Modern analytic and BI applications like Pyramid Analytics include powerful ETL functionality directly in their platforms. Users can connect, prepare, blend and join data from all their sources with an intuitive, visually based user interface. Once the models are built, users can build visualizations and dashboards from the same familiar platform, without going through convoluted processes to migrate data from one tool to another—increasing speed to insight. And because Pyramid is server-based and centrally managed, all the data models created during the data preparation stage are available for others to use for their own analysis.
Data Preparation Must Practically Incorporate AI Capabilities
The explosive growth of data is making data preparation harder.
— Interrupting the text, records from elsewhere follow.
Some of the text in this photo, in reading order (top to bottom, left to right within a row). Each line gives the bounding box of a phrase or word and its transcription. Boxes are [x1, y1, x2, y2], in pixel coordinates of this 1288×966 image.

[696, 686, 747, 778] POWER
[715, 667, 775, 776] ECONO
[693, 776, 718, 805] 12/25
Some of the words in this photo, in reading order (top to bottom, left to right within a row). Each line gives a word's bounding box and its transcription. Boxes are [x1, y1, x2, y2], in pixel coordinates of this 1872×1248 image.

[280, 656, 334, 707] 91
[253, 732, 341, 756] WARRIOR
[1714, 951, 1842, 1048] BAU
Most organizations are aware of the need to incorporate AI and ML technologies but struggle to integrate them in a meaningful and practical way. Whilst there’s no shortage of enthusiasm to adopt AI, it’s important to focus on the aspects we can meaningfully incorporate into our day-to-day activities. Success depends on putting ML to work on data at the grain and making it easy for end users to do it.
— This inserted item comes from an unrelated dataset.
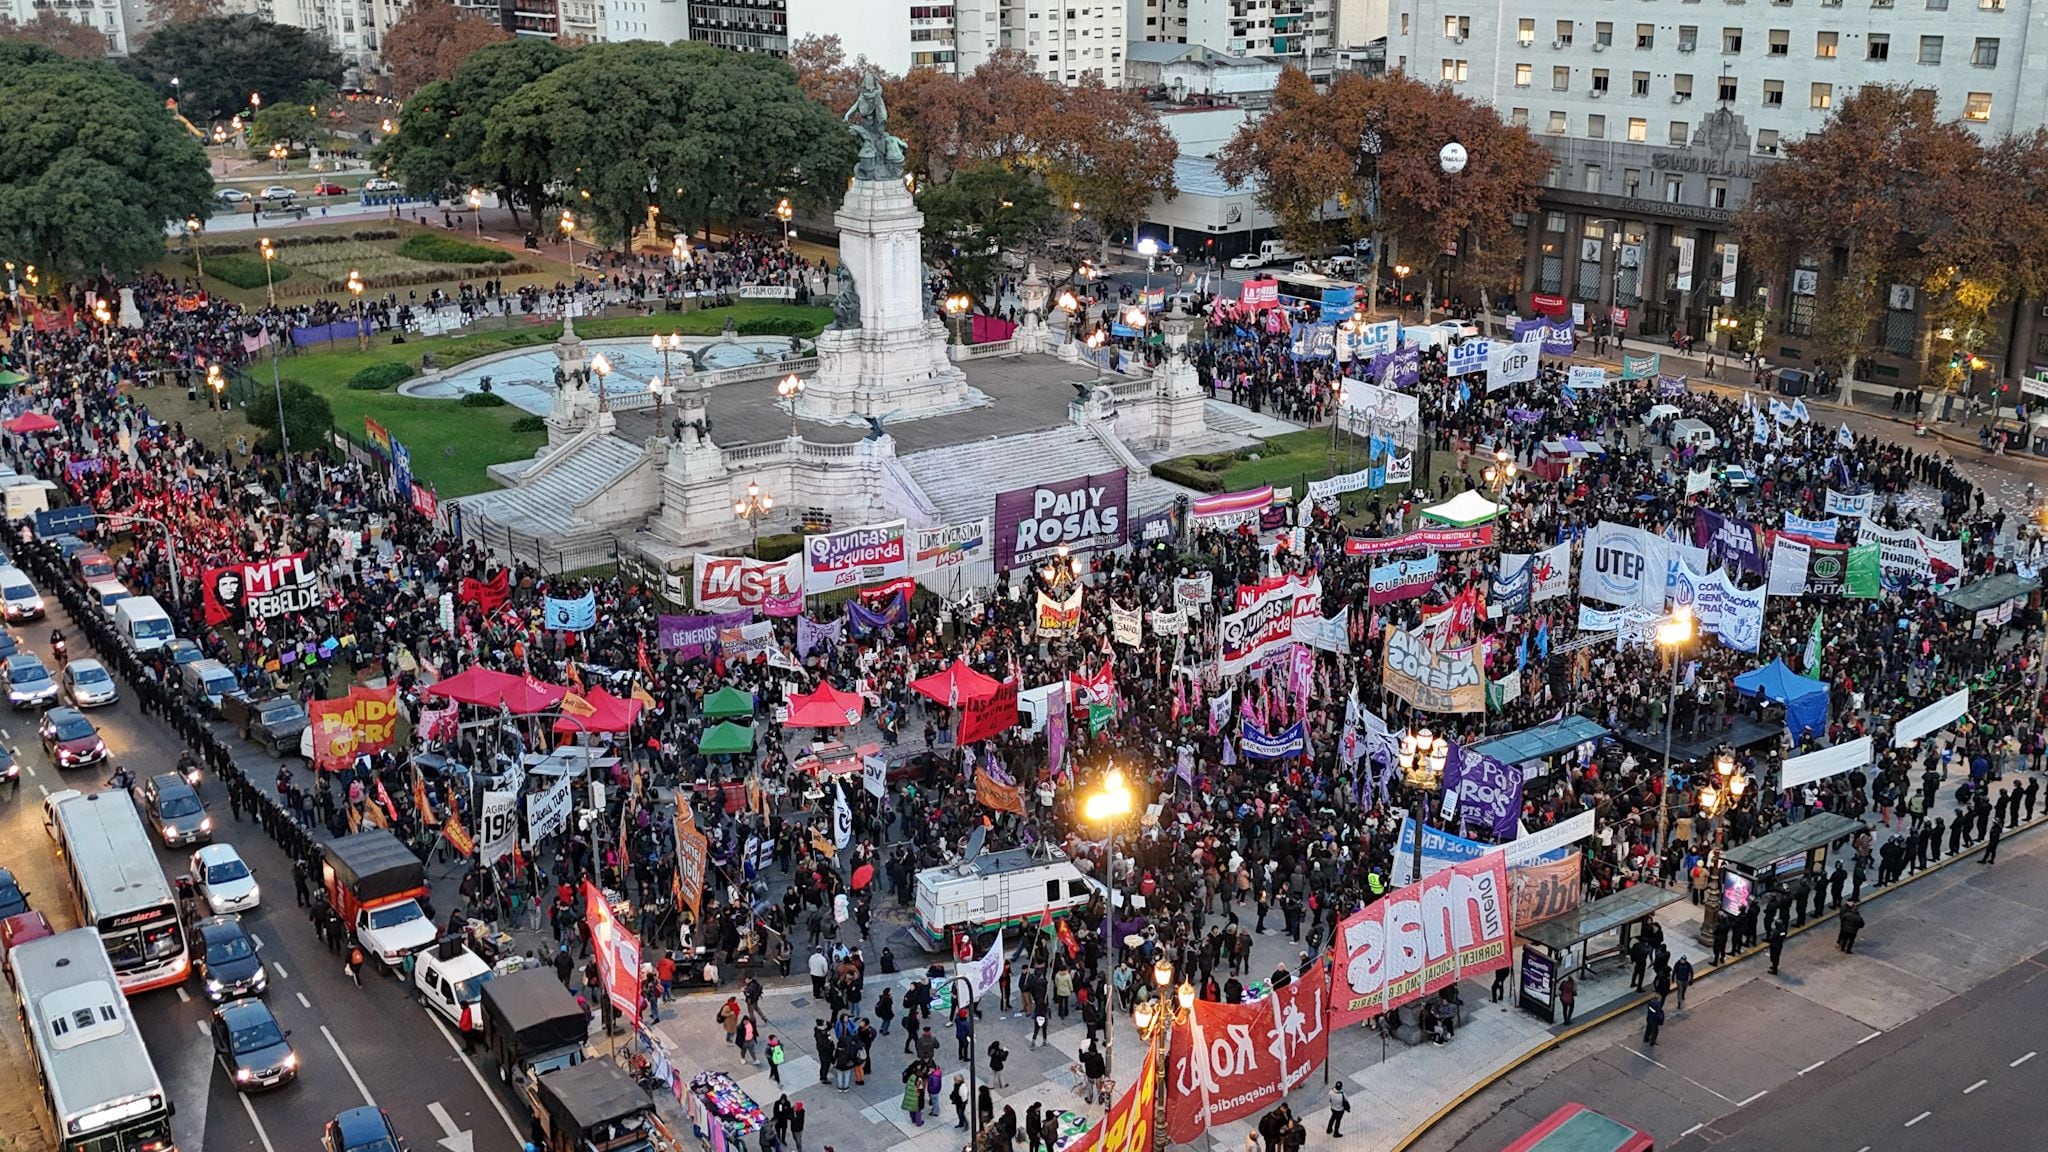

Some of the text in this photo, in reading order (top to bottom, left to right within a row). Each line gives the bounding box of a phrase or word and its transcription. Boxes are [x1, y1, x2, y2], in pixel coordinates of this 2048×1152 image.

Before we can run, we need to able to walk. We can strive to integrate AI and machine learning into our businesses, but we must ensure that we have a technology ecosystem in place to support it. That’s why organizations should apply machine learning algorithms directly to their data during data preparation, the very first stage of the analytics process.
While it’s now common for analytics and BI applications to include ML capabilities, the functionality is often exposed to users after the data has already been prepared and aggregated. This limits the effectiveness of machine learning algorithms which work best on raw data. By incorporating machine learning to the data at the grain during the data preparation stage—and by including the data preparation capabilities within a complete analytics platform—we can quickly surface all types of data for analysis, leading to more relevant correlations and insights.
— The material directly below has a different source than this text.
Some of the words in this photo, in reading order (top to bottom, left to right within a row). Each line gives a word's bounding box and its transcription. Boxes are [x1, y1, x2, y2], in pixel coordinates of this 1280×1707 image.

It’s also critically important that end users understand how to use the algorithms themselves. For example, Pyramid Analytics’ data preparation environment includes more than 25 machine learning algorithms (Outliers, Kmeans-Weka, Pam-R, Random Forest, Neural Net, and TensorFlow, to name a few), exposed right alongside typical blend, join, and column operations. Users can simply drag and drop these algorithms into the visual workflow on the canvas and then export the results into ready-to-analyze models. So not only can ordinary business users build models using traditional data prep tools, they can mix in machine learning algorithms using simple drag-and-drop actions—all without data science skills.
Conclusion: It’s Possible to Cut Data Preparation Time
Data preparation has become harder, not easier. The explosion of data sources has forced organizations to fundamentally change how they prepare data for analysis. Organizations can no longer rely on legacy analytic systems, nor can they rely on self-service tools that offer limited functionality. And just because standalone ETL tools offer deeper functionality for data scientists and experts, analytics are best when all analytics and BI are together on the same platform.
However, organizations can reduce the time it takes to prepare data if: they adopt end-user friendly ETL processes; they integrate ETL processes on the same platform with other data analysis, visualization, dashboard, and reporting functionality; and they expose machine learning during data preparation so business users can apply algorithms to the raw data instead of aggregated data.